Herzlichen Glückwunsch zur Ehrenprofessur an der Zhejjiang Universität für Wissenschaft und Technik, Frau Botschafterin!
Die Universität sei eine wichtige Säule der deutsch-chinesischen Wissenschaftskooperation, schreibt die deutsche Botschafterin in China, Patricia Flor, am 8. November auf ‚X‘ [Twitter]. Und fügt an, sich privilegiert zu fühlen, diese Professur zu erhalten. Zu Recht.
Nicht das erste Mal betont die Botschafterin die Bedeutung eines lebendigen deutsch-chinesischen Dialogs für die Zukunft der Beziehungen zwischen beiden Ländern.
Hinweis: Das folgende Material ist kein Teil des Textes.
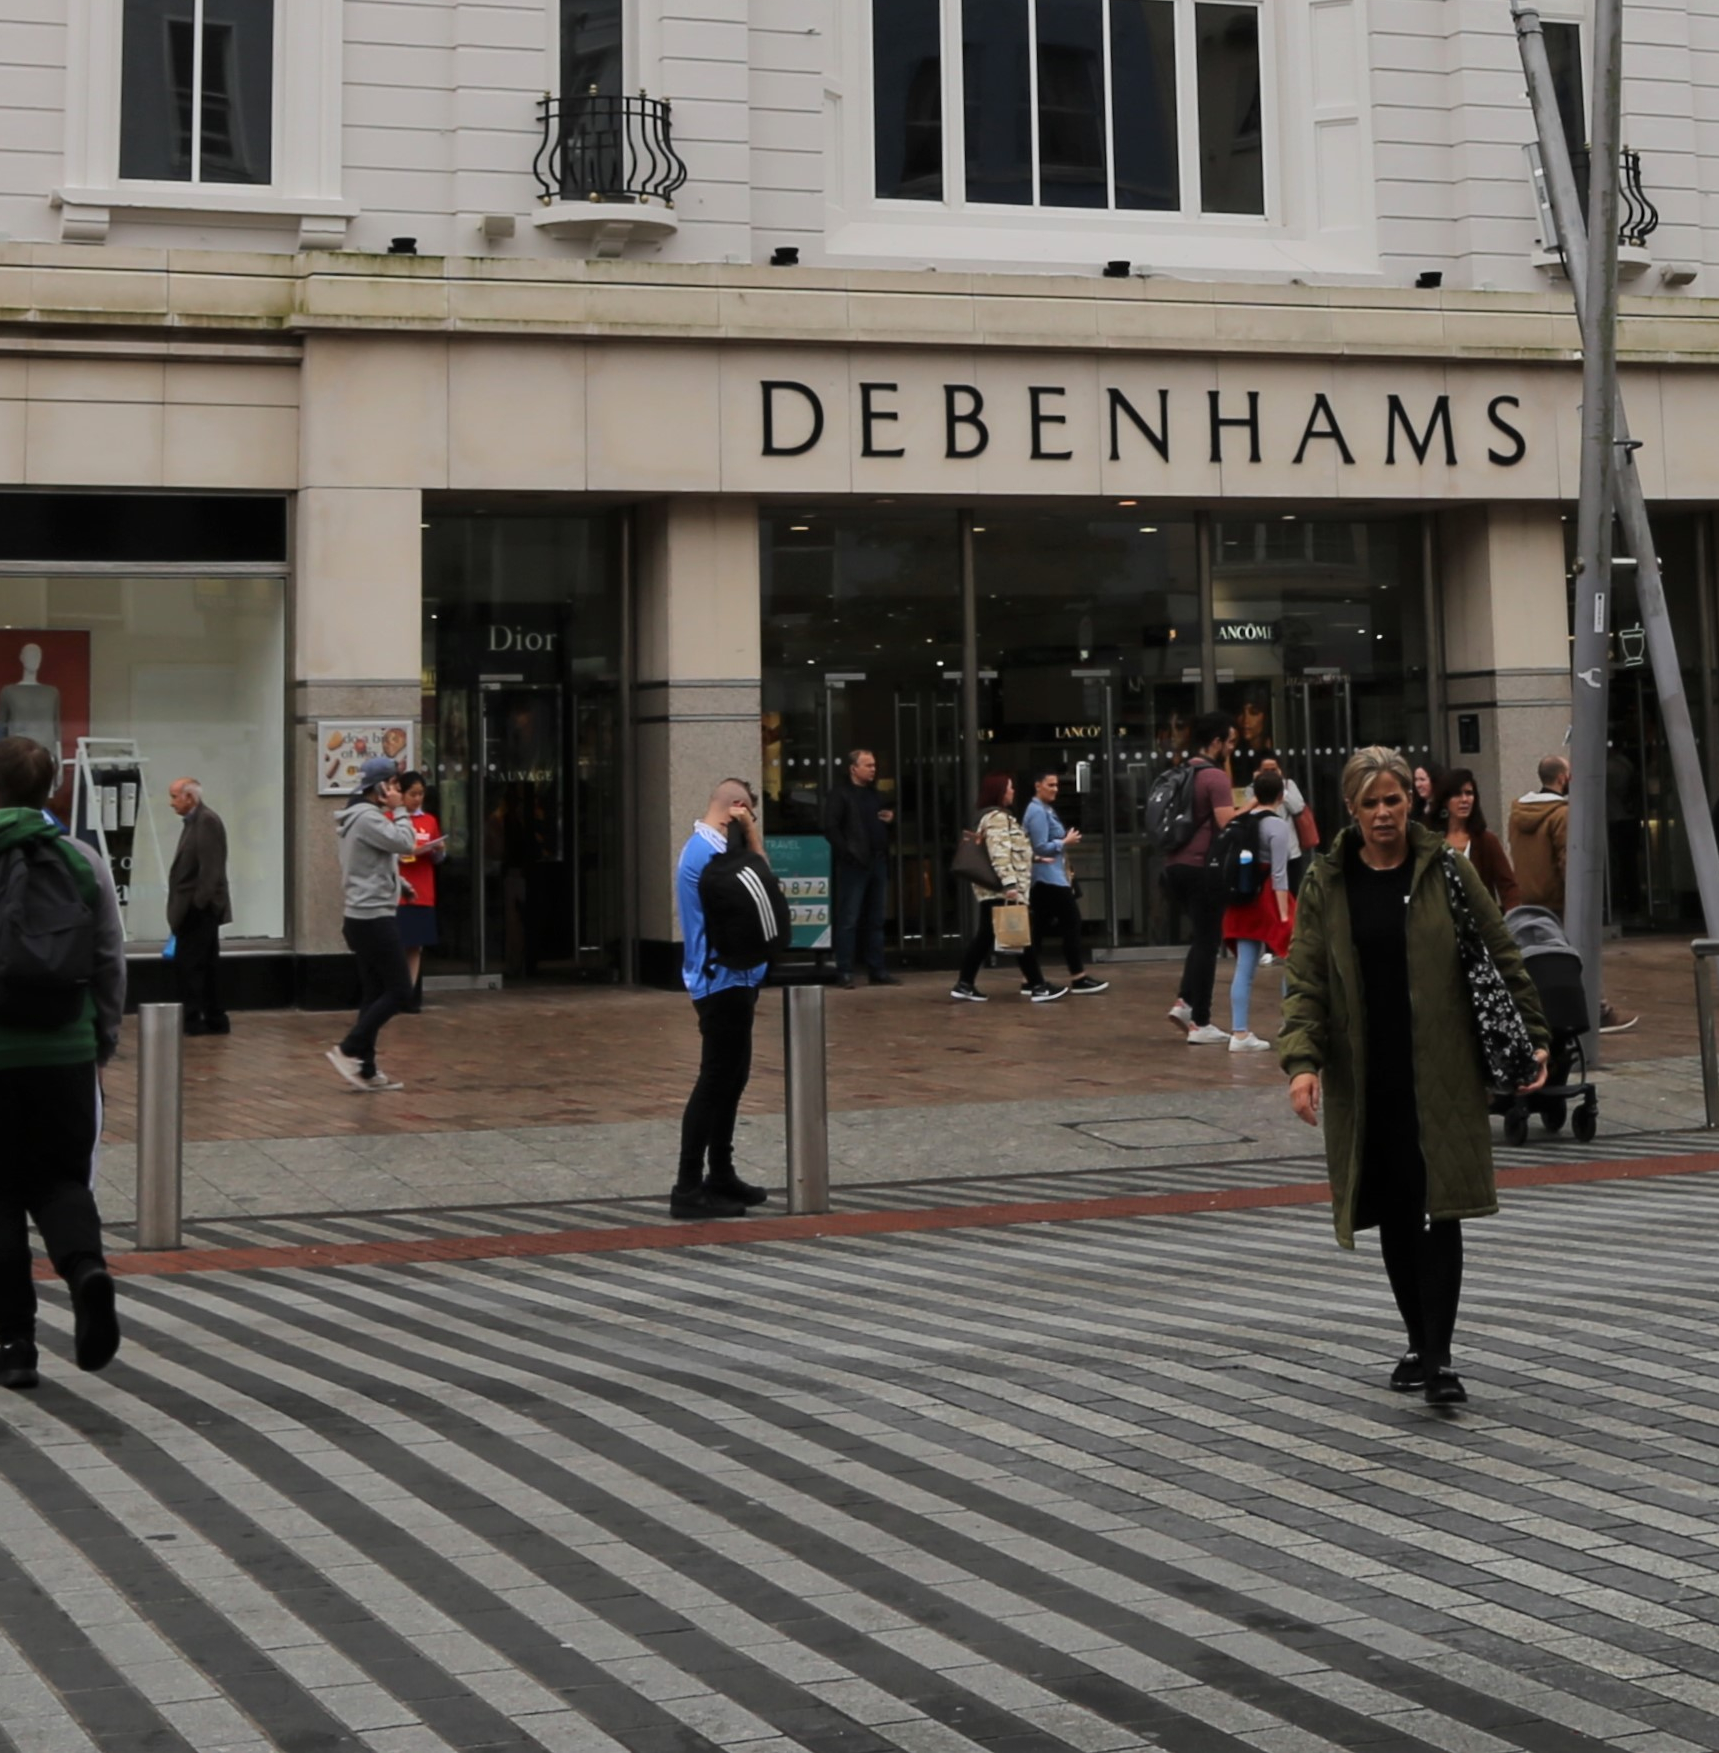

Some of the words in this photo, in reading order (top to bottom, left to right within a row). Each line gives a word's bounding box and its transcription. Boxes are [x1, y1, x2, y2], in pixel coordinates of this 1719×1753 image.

Miteinander reden, sich austauschen, den Partner besser zu verstehen versuchen – das ist der Diplomatin offensichtlich wichtig. Und doch wirkt ihr Werben wie das ‚einsame Rufen in der Wüste‘.
Denn fast zeitgleich zur Verleihung der Professur an die deutsche Botschafterin in Hangzhou, der Provinzhauptstadt von Zhejiang, wird in Berlin Tabula rasa gemacht. Bundesforschungsministerin Bettina Stark-Watzinger warnt vor Wissenschaftlern aus China und bemüht dabei das ‚Gespenst des Kommunismus‘.
Chinesische Wissenschaftler will sie aus deutschen Universitäten und Forschungseinrichtungen jetzt scheinbar gänzlich verbannen. Zuvor hatte sie schon vor Stipendiaten aus China gewarnt – sie könnten gezielt geschickt werden, um deutsches Knowhow auszuspionieren. Austauschprogramme werden zurückgefahren. Stiftungen, die sich dem Wissenschafts- und Kulturdialog verschrieben haben, müssen sich aus China zurückziehen.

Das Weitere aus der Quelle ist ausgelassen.